The most important thing to do is to recognise that it’s a real illness. ‘It’s not something you can just “snap out of”, so avoid telling people to “cheer up”,’ Rachel Boyd says. ‘Depression doesn’t work that way, and saying things like this will just make your friend feel like they’re being shut down.’
Baker Britt, 27, agrees that this is really unhelpful. ‘When people told me this, it made me feel a lot worse, like I was just wasting their time,’ she says. ‘Not only that, but it legitimised the horrible thoughts I had going on in my head.’
Mental illness is still a taboo subject with a lot of stigma attached to it. This can stop your friends from seeking the help they need for depression, so being non-judgmental is also key.
‘I wanted to open up to my friends when I was first diagnosed in my late teens,’ Britt says. ‘A girl in my college was bipolar, and somebody in my friendship group started mocking her quite viciously, which was horrible and made me feel like I couldn’t talk about my own condition to them.’
Depression can also drive people to self-medicate using alcohol or recreational drugs. Both Dr McLaren and Rachel Boyd agree that it’s vital to help your friends avoid this where possible.
‘Suggest activities which aren’t focused around alcohol, like clubbing,’ Boyd says. ‘It’s easy for people with depression to get sucked into a negative cycle where they drink a lot, then feel even worse about things the next day.’
We’ve all had the fear the morning after a few glasses of white wine too many, but imagine how bad that must feel if your mood was already low to begin with?
Both experts say exercise is great, as it can help people with the condition stick to a routine and releases endorphins (feel-good chemicals) into the body. ‘It can be the last thing people want to do when they’re feeling low and fatigued, but something like yoga is an easy, regular activity,’ Boyd says.
Where can I seek support for myself?
Depression isn’t only hard on the sufferer, it can be difficult and frustrating for their mates too – and unless you pay attention to your own needs you can become stressed or unhappy.
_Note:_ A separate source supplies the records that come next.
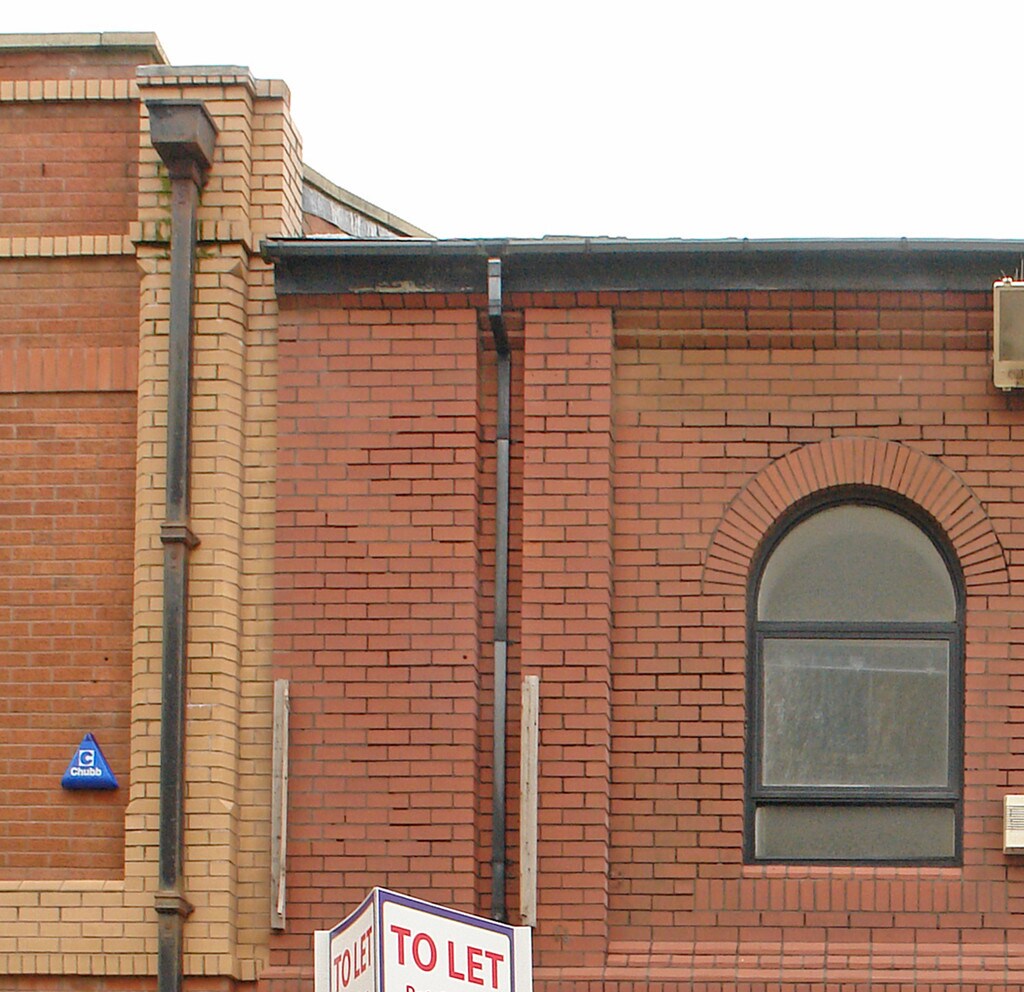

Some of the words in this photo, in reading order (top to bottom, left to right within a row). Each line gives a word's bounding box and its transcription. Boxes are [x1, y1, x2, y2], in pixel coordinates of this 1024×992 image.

[70, 766, 103, 777] Chubb
[333, 949, 350, 992] TO
[354, 926, 373, 980] LET
[390, 924, 437, 972] TO
[448, 940, 504, 989] LET
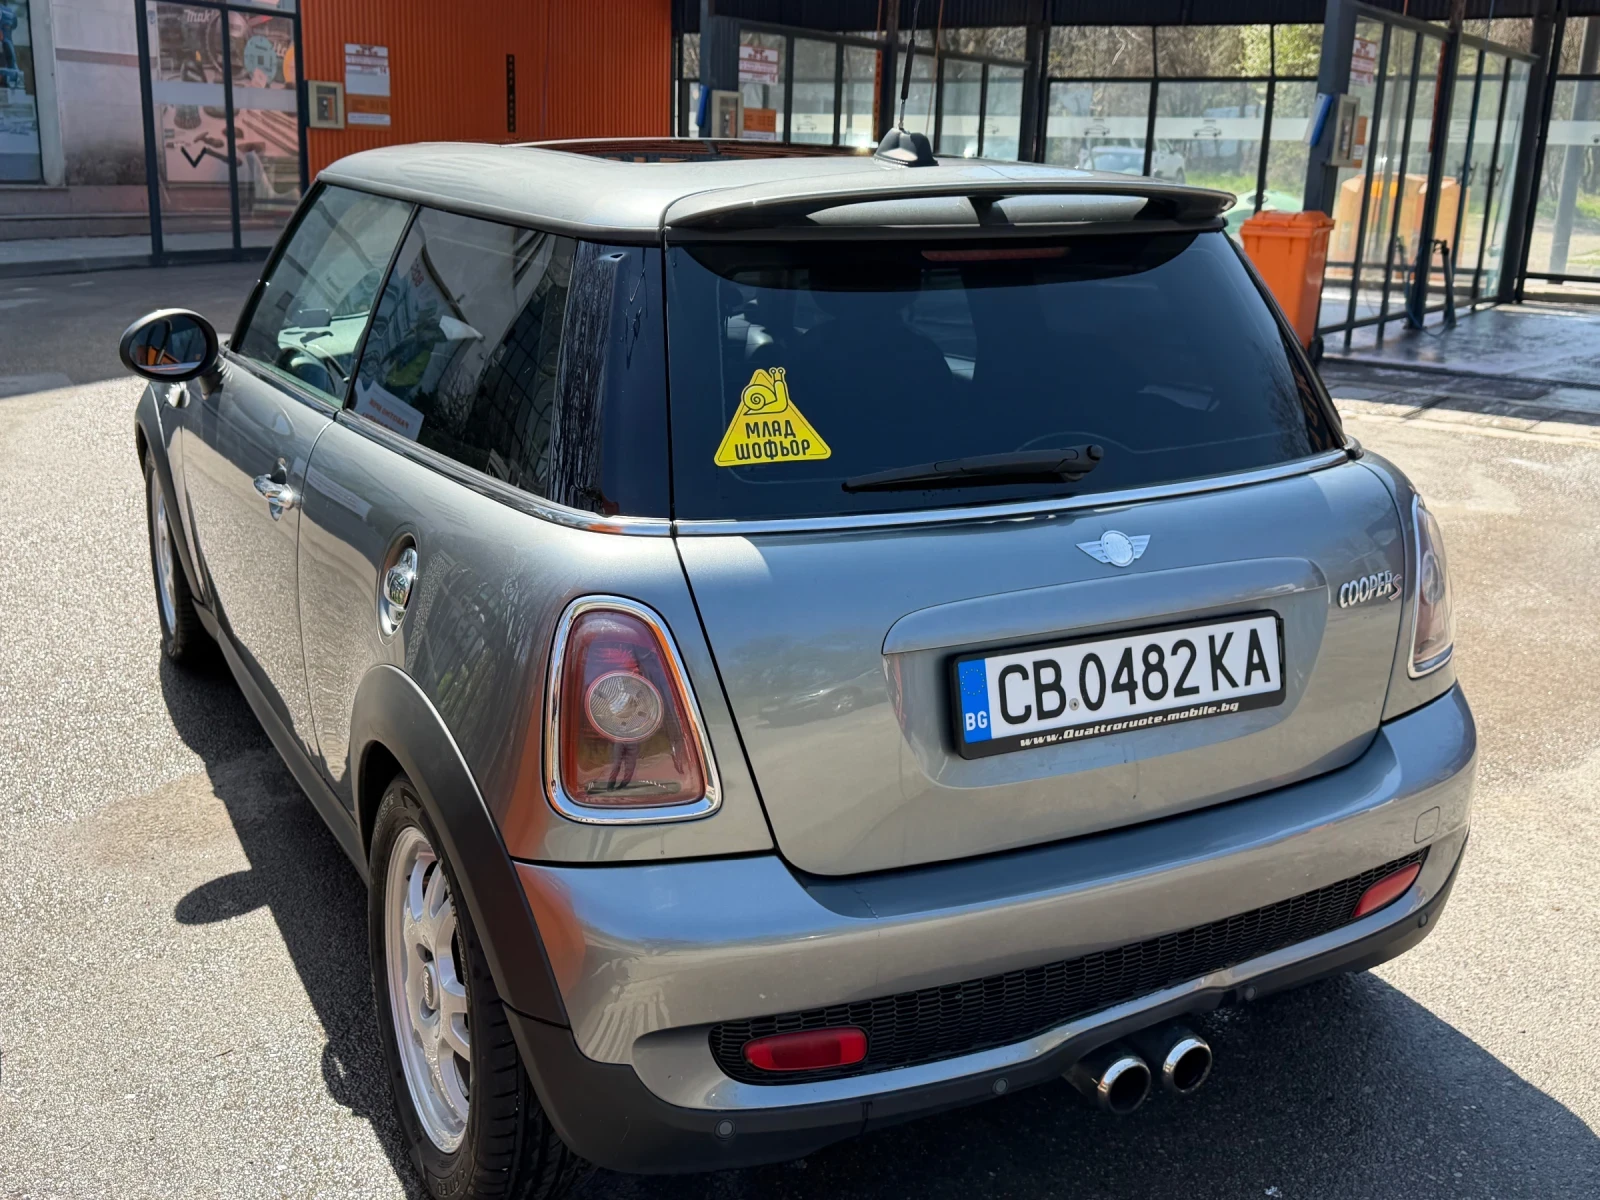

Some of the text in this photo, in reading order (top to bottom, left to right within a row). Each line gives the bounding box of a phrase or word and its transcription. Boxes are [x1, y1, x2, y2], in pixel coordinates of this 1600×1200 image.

You need to make sure you’re also being supported.
‘When I was first diagnosed 10 years ago, there wasn’t much information out there,’ Britt says. ‘Luckily, things have changed, and sites like Mind and Time to Change have a wealth of material on them.’
Taking the time out to look at these websites will arm you with knowledge about depression – and at the end of the day, understanding it is one of the most important things you can do.